___ SOURCE DATA ___
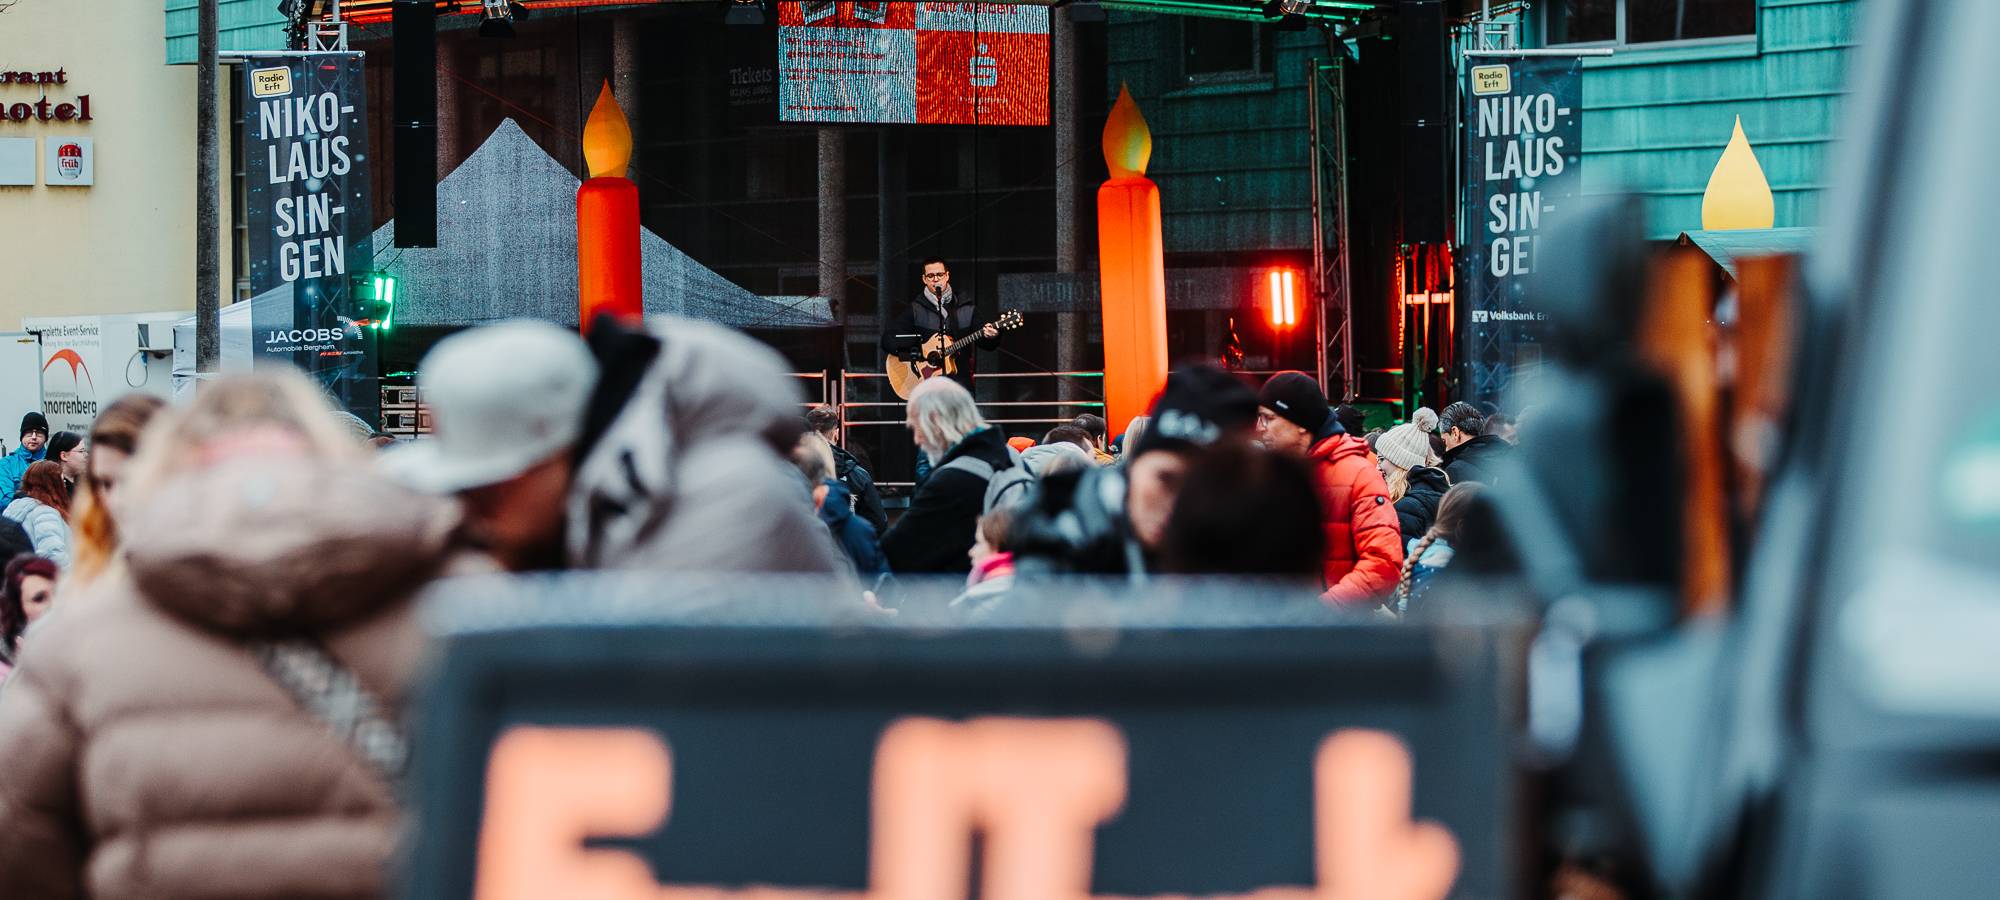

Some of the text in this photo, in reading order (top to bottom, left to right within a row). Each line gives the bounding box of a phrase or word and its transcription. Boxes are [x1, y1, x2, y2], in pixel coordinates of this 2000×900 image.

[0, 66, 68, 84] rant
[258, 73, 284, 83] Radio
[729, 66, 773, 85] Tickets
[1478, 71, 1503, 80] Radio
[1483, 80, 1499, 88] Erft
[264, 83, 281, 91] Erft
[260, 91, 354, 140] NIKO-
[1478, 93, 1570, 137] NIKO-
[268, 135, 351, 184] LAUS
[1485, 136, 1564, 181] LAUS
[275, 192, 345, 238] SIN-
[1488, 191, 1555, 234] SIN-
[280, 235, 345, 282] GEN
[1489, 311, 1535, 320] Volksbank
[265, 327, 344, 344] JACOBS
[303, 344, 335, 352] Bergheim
___
** YOUR INSTRUCTIONS **
The answer must be an exact copy of the records, with no pictures in it.

** REPLY **
Some of the text in this photo, in reading order (top to bottom, left to right within a row). Each line gives the bounding box of a phrase or word and its transcription. Boxes are [x1, y1, x2, y2], in pixel coordinates of this 2000×900 image.

[0, 66, 68, 84] rant
[258, 73, 284, 83] Radio
[729, 66, 773, 85] Tickets
[1478, 71, 1503, 80] Radio
[1483, 80, 1499, 88] Erft
[264, 83, 281, 91] Erft
[260, 91, 354, 140] NIKO-
[1478, 93, 1570, 137] NIKO-
[268, 135, 351, 184] LAUS
[1485, 136, 1564, 181] LAUS
[275, 192, 345, 238] SIN-
[1488, 191, 1555, 234] SIN-
[280, 235, 345, 282] GEN
[1489, 311, 1535, 320] Volksbank
[265, 327, 344, 344] JACOBS
[303, 344, 335, 352] Bergheim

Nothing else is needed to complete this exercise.